By Pamella Goncalves ·
Tourists flee Guatemala volcano eruption as lava and ash erupt skyward

Tourists fled for safety as Volcán de Fuego erupted near Antigua, Guatemala, sending red-hot lava into the air and a towering plume of ash skyward. The video, posted by ABC News and Good Morning America on June 23, showed glowing lava bursting from the crater and volcanic rocks flying through the air as visitors ran from the danger zone.

The footage was filmed on Wednesday, June 17, 2026, and shared by @Kaleyekiyor before it was distributed by Newsflare. It captured a familiar risk at one of Central America’s most active volcanoes: the line between a popular sightseeing stop and a fast-moving emergency can disappear in seconds when the mountain turns violent.

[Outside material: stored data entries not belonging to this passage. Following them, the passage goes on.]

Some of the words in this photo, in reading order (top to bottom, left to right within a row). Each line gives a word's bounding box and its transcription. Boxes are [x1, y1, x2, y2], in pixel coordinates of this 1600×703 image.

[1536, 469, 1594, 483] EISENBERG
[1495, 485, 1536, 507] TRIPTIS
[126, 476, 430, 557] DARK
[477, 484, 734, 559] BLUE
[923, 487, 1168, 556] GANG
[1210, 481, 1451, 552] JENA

Volcán de Fuego has long been known for explosive eruptions, ash columns and lava emissions. That makes the area around Antigua one of the region’s most dramatic tourist drawcards, but also one of its most exposed. The June 17 eruption showed how quickly visitors can be forced to react when warning systems and evacuation decisions have only a narrow window to work with.

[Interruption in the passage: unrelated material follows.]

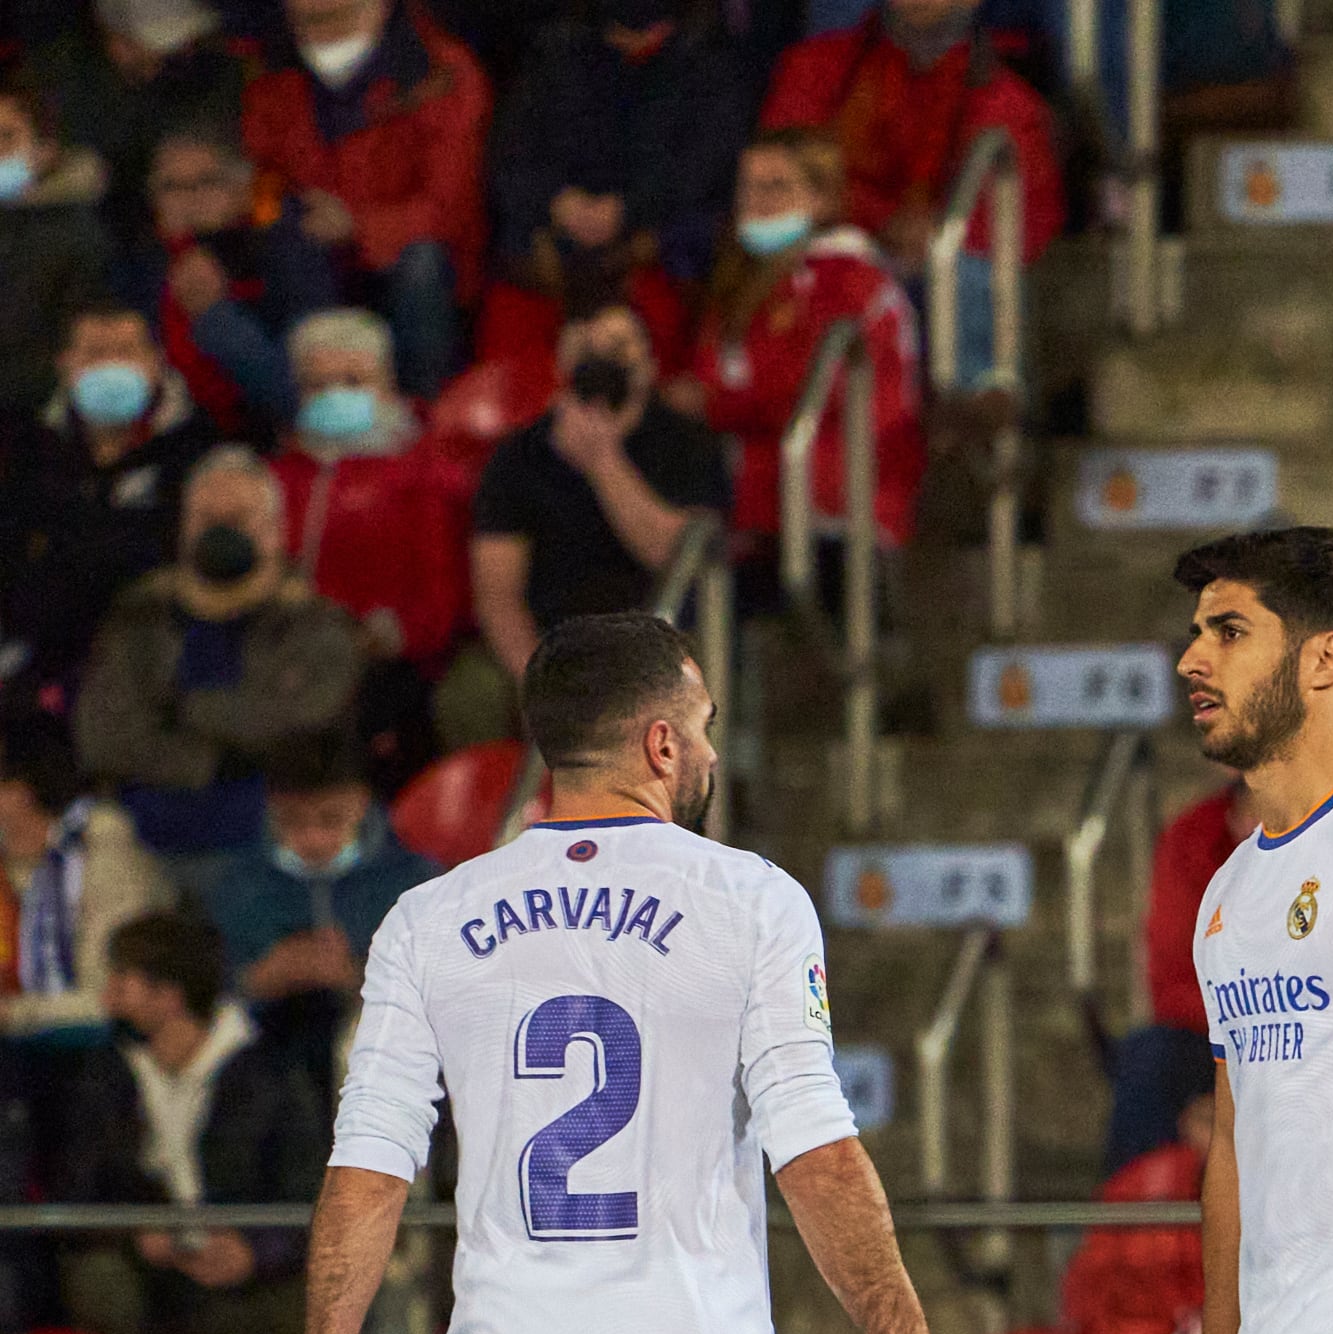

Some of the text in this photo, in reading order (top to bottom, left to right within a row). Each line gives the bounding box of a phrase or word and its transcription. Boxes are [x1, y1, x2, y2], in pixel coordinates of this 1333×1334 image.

The scene also fits a broader debate over how close tourists should be allowed to get to active volcanoes. In Sicily, authorities around Mount Etna have recently restricted excursions after eruptions, including suspensions and limits on trips to see lava flows. Italy’s National Institute of Geophysics and Volcanology has tracked those eruptions closely, while guides have argued over how far access should be cut back.

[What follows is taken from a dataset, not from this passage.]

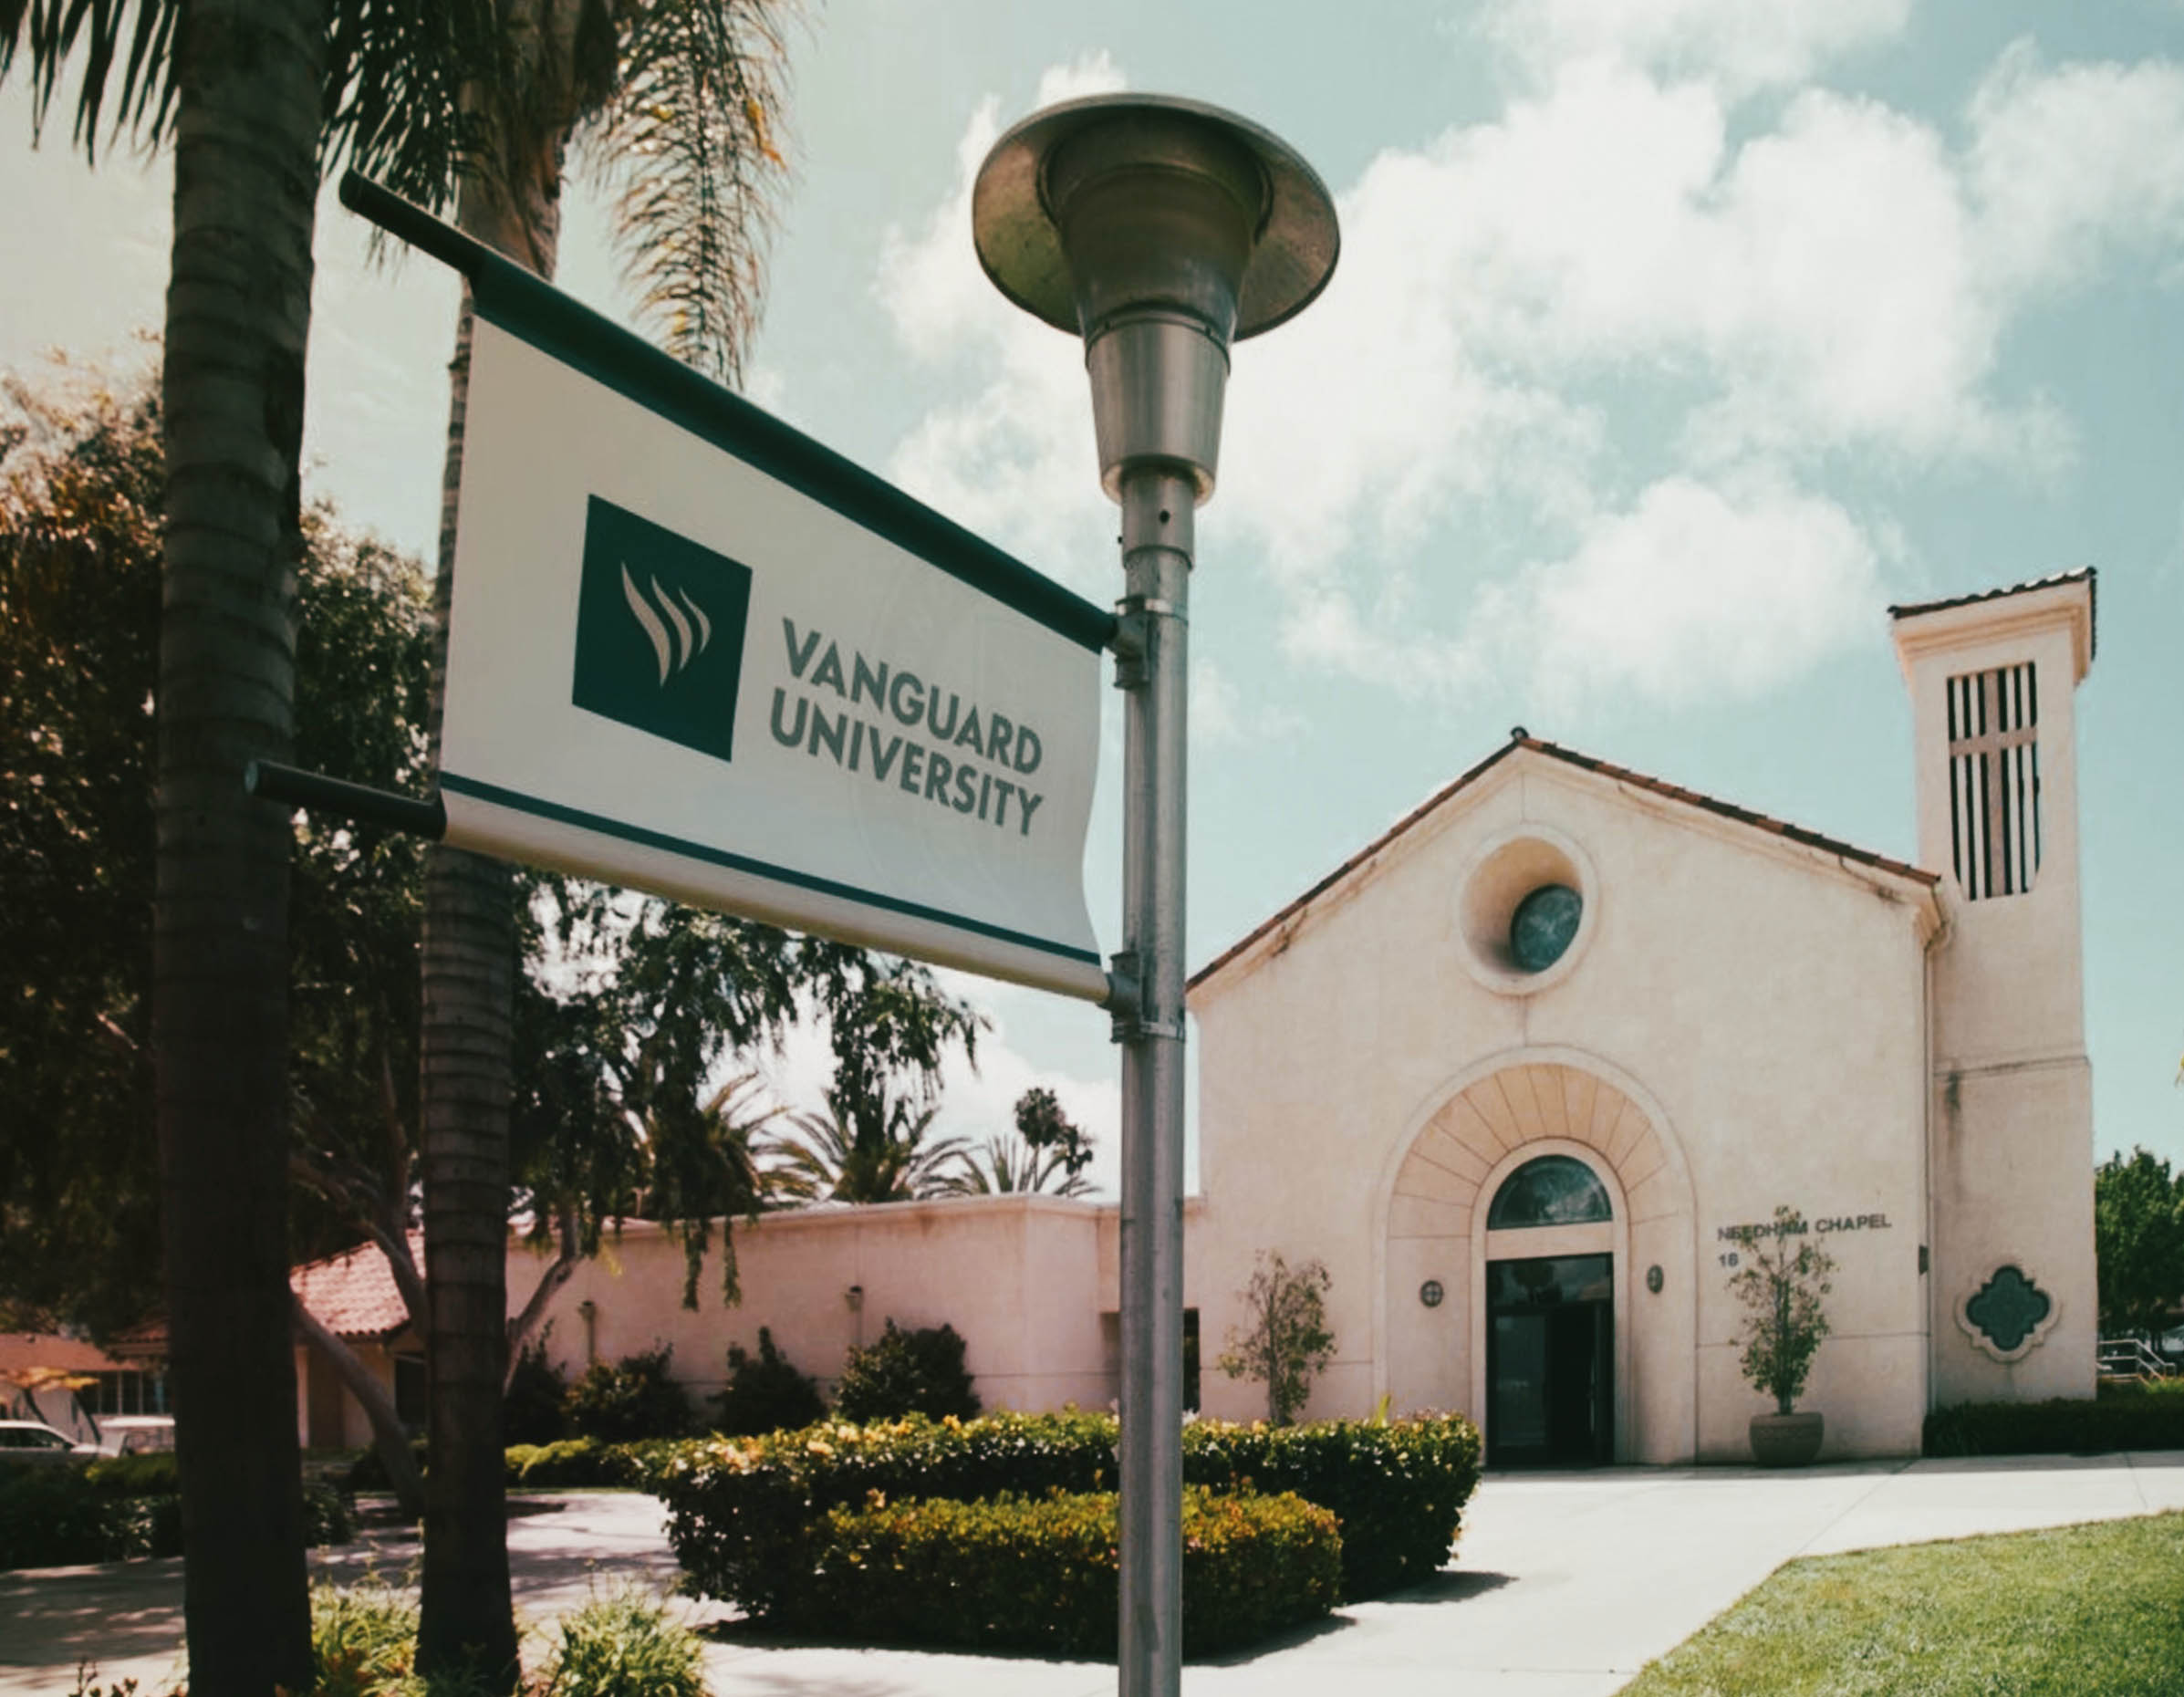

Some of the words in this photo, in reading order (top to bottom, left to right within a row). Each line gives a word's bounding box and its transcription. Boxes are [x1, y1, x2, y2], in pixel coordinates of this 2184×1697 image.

[771, 686, 1044, 837] UNIVERSITY
[783, 616, 1042, 775] VANGUARD
[1815, 1213, 1892, 1233] CHAPEL

Volcán de Fuego — Wikimedia Commons
Scottydude via Wikimedia Commons (CC BY-SA 4.0)

Mount Etna adds scale to the comparison. The volcano is Europe’s most active and its largest, rising about 3,350 meters and stretching roughly 35 kilometers wide. Like Volcán de Fuego, it draws sightseers because of its spectacle, but the safety trade-off is stark: volcanic bursts can send high-temperature gases, ash and rock several kilometers into the air, turning a tourist viewpoint into an evacuation scene with little warning.

For Guatemala, the eruption is a reminder that volcanic tourism depends on discipline as much as dramatic scenery. Visitors who rely on social media clips and luck can end up in the path of ash and falling rock, while local authorities are left to balance access, evacuation and public safety around a volcano that can erupt without much notice.